Obese People Never Feel Full Due To a 'Misfiring' Appetite Hormone, Study


Glucagon, an appetite-regulating hormone fails to function properly in overweight people, hence leaving them hungry even after a meal, according to a new study conducted by researchers at the Chariti-University Medicine.  The study is published in the Journal of Clinical Endocrinology and Metabolism.

The researchers also found that glucagon suppresses hunger in people with type 1 diabetes.

The primary function of the Glucagon, secreted by the pancreas, is to hint the body to release stored glucose when blood sugar level is too low. But new evidence also indicates that it might also be responsible for regulating sensations related to eating, such as fullness and satisfaction. Researchers believe that glucagon signals the body to adjust the levels of other appetite hormones such as ghrelin.
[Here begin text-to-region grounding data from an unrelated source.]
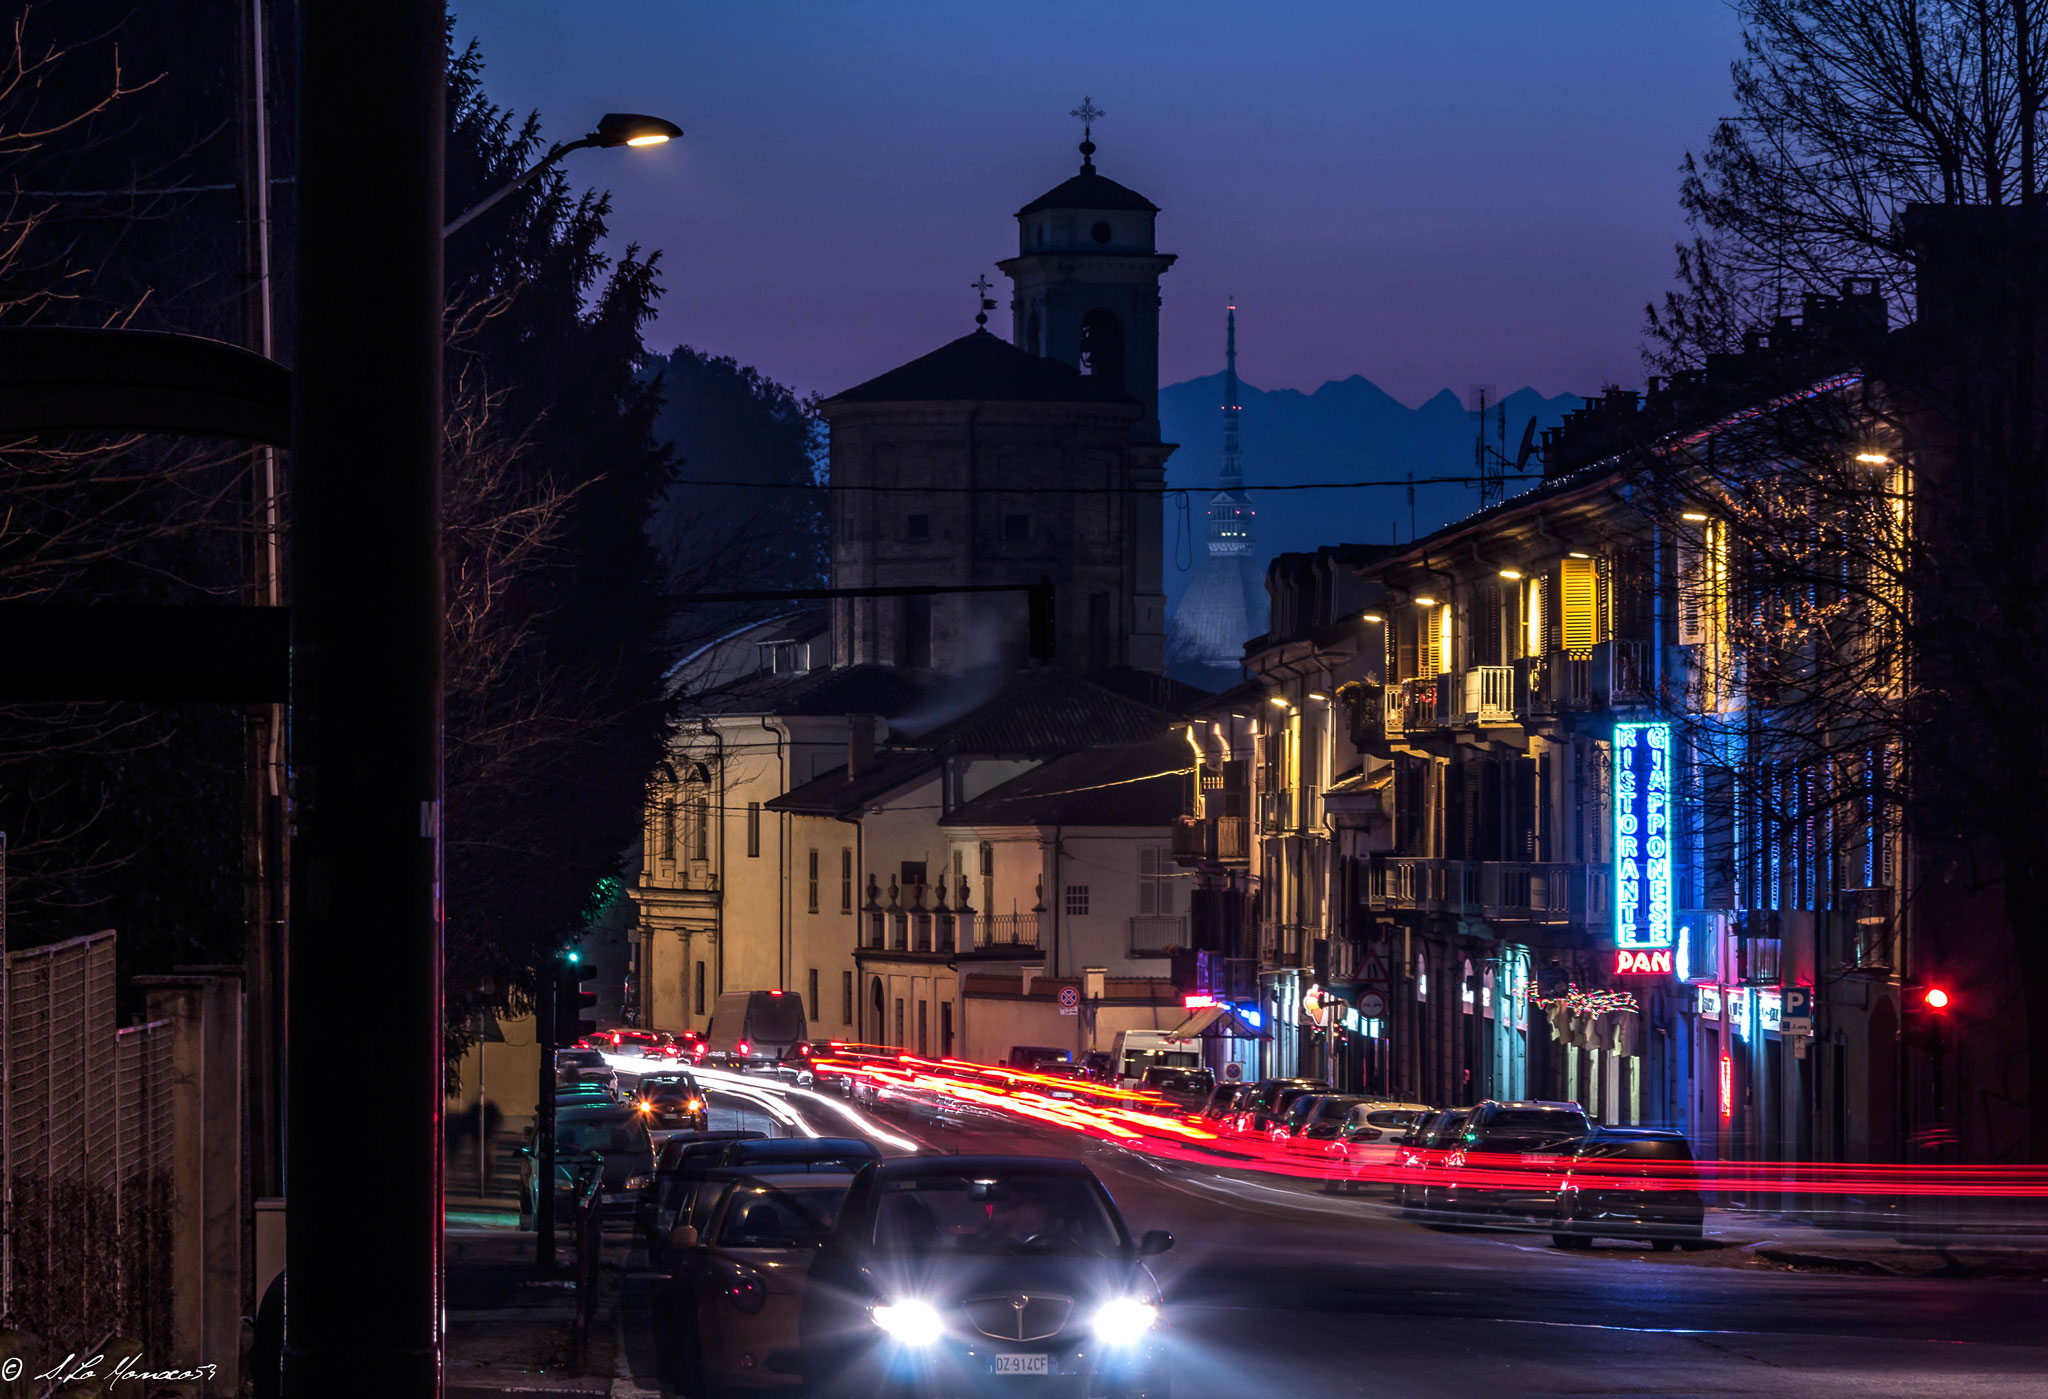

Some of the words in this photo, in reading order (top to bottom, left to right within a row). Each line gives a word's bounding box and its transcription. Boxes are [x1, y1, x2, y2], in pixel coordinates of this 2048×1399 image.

[1620, 727, 1639, 944] RISTORANTE
[1647, 727, 1667, 944] GIAPPONESE
[1617, 951, 1671, 974] PAN
[1786, 991, 1804, 1014] P
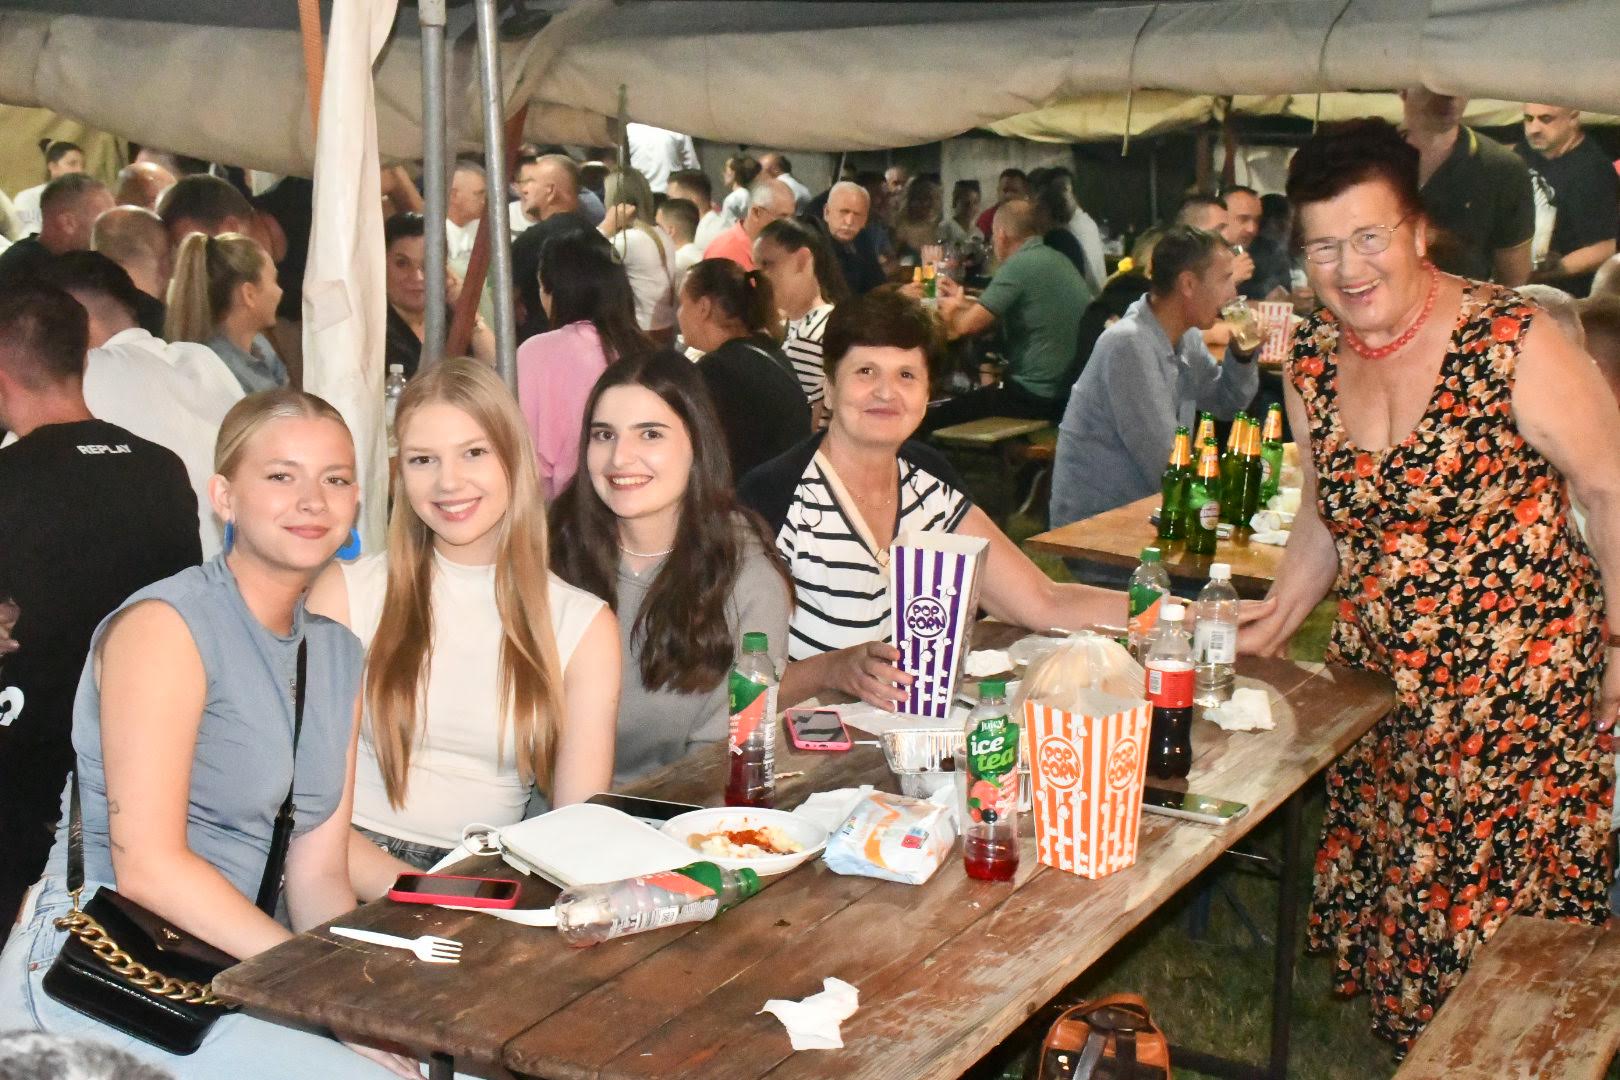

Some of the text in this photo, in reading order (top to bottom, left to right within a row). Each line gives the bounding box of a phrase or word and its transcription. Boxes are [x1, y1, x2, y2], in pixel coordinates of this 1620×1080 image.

[76, 444, 132, 455] REPLAY
[912, 604, 940, 617] POP
[907, 616, 946, 630] CORN
[971, 735, 1005, 756] ice
[1044, 745, 1072, 762] POP
[1112, 745, 1134, 765] POP
[977, 747, 1014, 771] tea
[1041, 760, 1080, 779] CORN
[1108, 760, 1137, 784] CORN
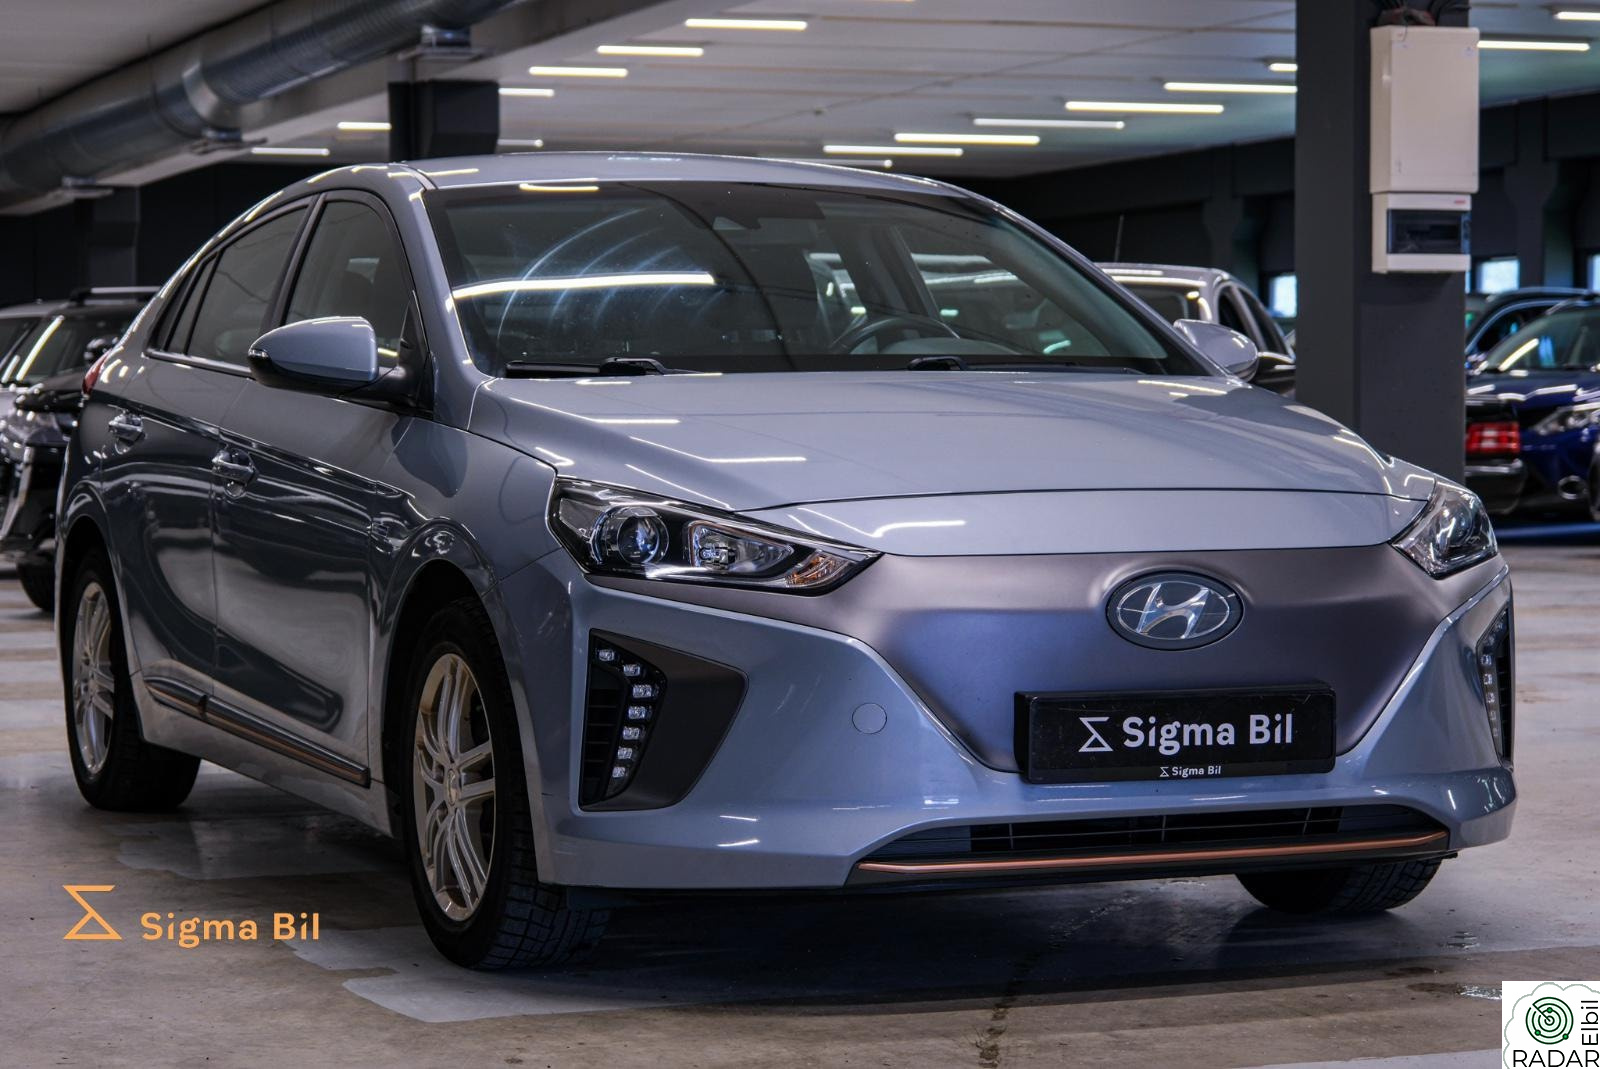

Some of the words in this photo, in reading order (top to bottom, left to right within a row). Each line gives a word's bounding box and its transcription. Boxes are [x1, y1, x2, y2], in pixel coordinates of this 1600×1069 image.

[1122, 715, 1235, 755] Sigma
[1250, 713, 1293, 743] Bil
[1172, 766, 1204, 778] Sigma
[1207, 765, 1221, 775] Bil
"Once a person becomes obese, glucagon no longer induces feelings of fullness," said Dr Ayman Arafat of Chariti-University Medicine in Germany and the study's lead author.

The scientists arrived at the conclusion after examining glucagon levels and appetite among 11 obese people, 13 lean people and 13 people who had Type 1 diabetes. All of them were injected with either glucagon or a placebo.

Participants who were lean and belonged to type 1 diabetes reported greater feelings of fullness after receiving glucagon; on the other hand, there were no drastic differences in feelings of fullness among obese participants who received glucagon injections and those who were given the placebo.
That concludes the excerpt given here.